Senor Cardgage, I dont suppose youd maybe wanna make out or somethin...

aww, "make out", wow man. It's been a while (40 years) since I heard that. *big smile*

flapjax at midnite, I was only 10 years old

But you seem to have lived your life bravely flapjax, very much in the spirit of that time. I was only 13 in 67, so I almost missed it, except that being in NYC made it ok to be precocious.

madamjujujive, If '67 was the sweet spot...

Maybe '67 was the sweet spot in SF, they were radically ahead of the rest of America at that time in many ways. It wasn't so sweet on the East Coast though. Our summer of love was 2 years later in '69, with Woodstock. Rock on!

And it was terribly hard work, let me tell you.

*hard work*, you're naughty.

Rangeboy, Hope I die before I get old.

Any sane person thinks that. People don't tell kids that the 20's are way harder in many ways than the teen years but by 30 -the real beginning of adulthood not 21- there is a feeling that life is manageable and it gets really energizing, fun and passionately interesting. The 40's started out hard for me although most people mellow out then, I didn't. I thought as a kid I'd like to die then at 40, when people seemed old. But there was so much to learn and then, all of a sudden life made so much sense, a wonderful feeling came over me, how good it is to be alive, the world really is an amazing place!

I'm old now or starting the old years time at 53, glad I'm not dead, not just for the mere clinging to life thing but for the adventure of it. I want you to have a long life too, Rangeboy.
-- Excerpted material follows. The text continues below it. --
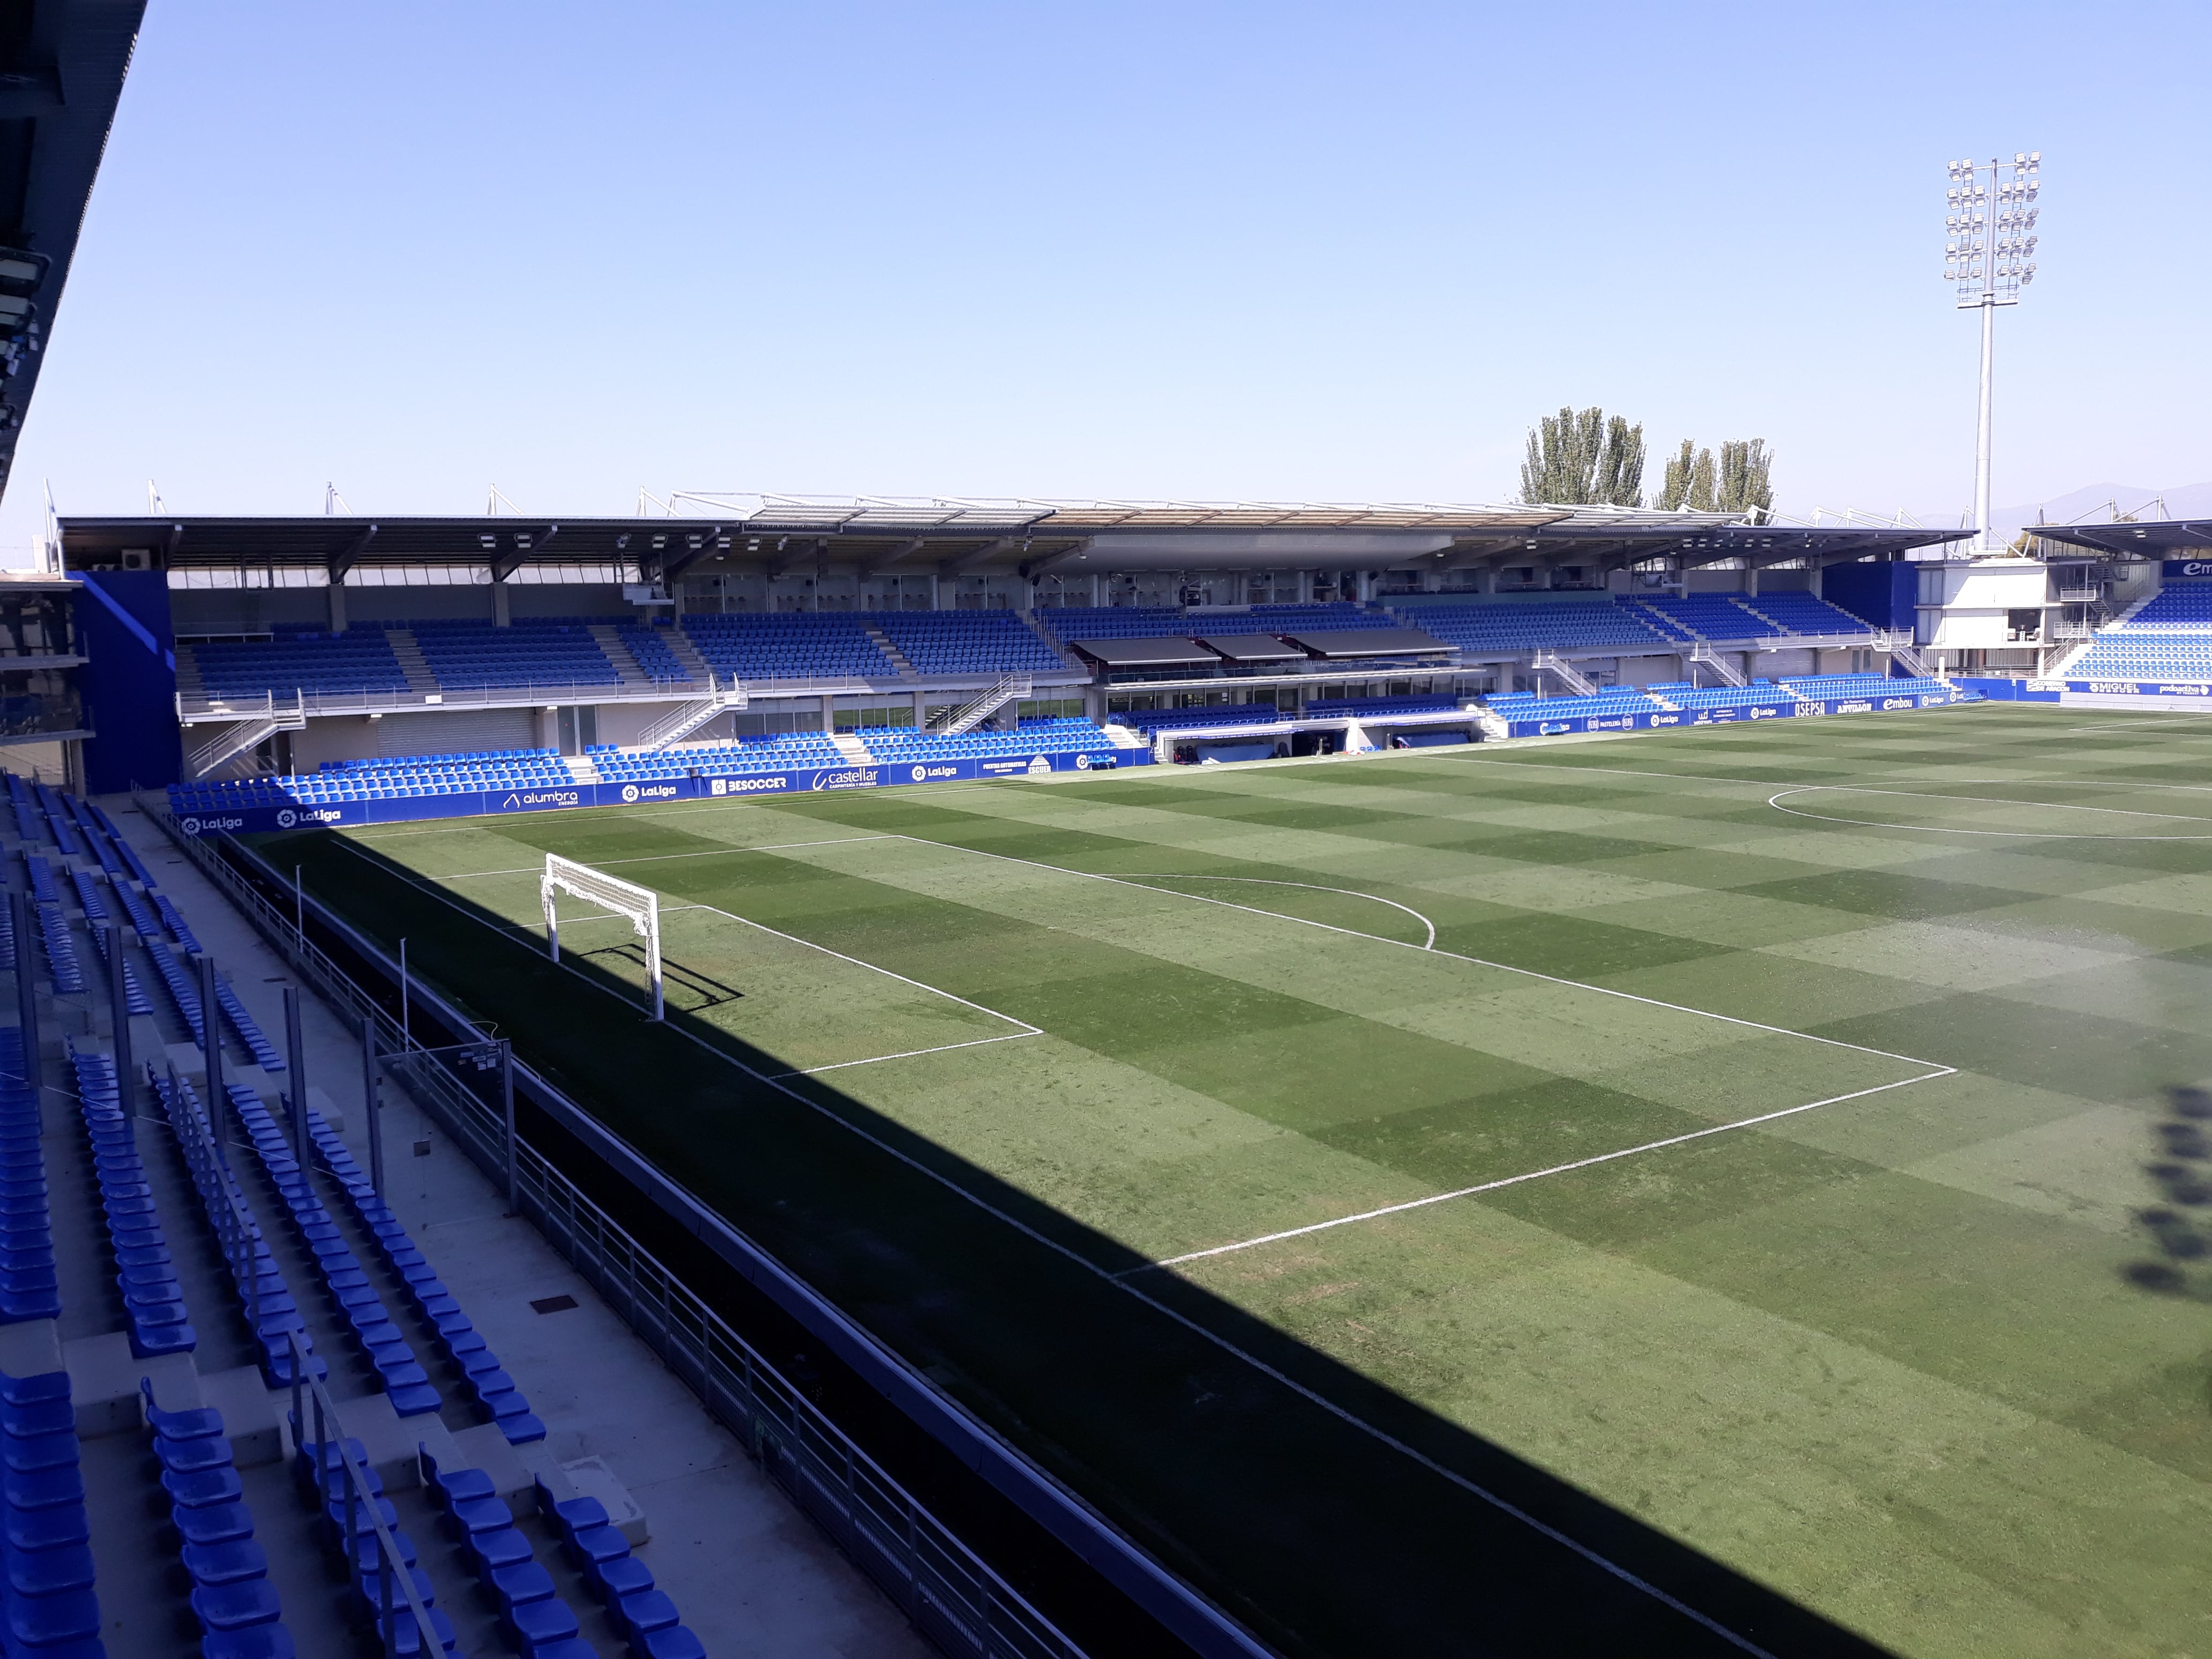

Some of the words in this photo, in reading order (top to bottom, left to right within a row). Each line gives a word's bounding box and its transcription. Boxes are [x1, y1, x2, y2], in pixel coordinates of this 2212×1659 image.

Wishing you a satisfying and interesting journey.

Peace and love.
posted by nickyskye at 10:33 AM on May 24, 2007 [4 favorites]


Love you, nickyskye, well done.
posted by Turtles all the way down at 12:20 PM on May 24, 2007 [1 favorite]


Wait... stop... what's that sound?

That's just the sound of nickyskye rocking my world again.
posted by psmealey at 1:12 PM on May 24, 2007


I feel that I should comment in this thread.
posted by grateful at 2:53 PM on May 24, 2007


Wild, crazy and free still appreciated in SFO --
Bay To Breakers 2007 - Public Nudity at Its Fastest!
posted by ericb at 4:00 PM on May 24, 2007


hippie bitch.
posted by nickyskye at 11:01 AM on May 25, 2007


Turtles all the way down writes 'Fuck the baby boomers. I've been choking on the detritus of their narcissistic self absorption my whole life.'

I hear this stuff a lot from American Generation X'ers. Generally, it amounts to jealousy that they never had a counter culture of their own. In other countries, people tend to recognize that it's faintly ludicrous to believe that everybody born between 1945 and 1965 had the same value system, culture, etc. etc.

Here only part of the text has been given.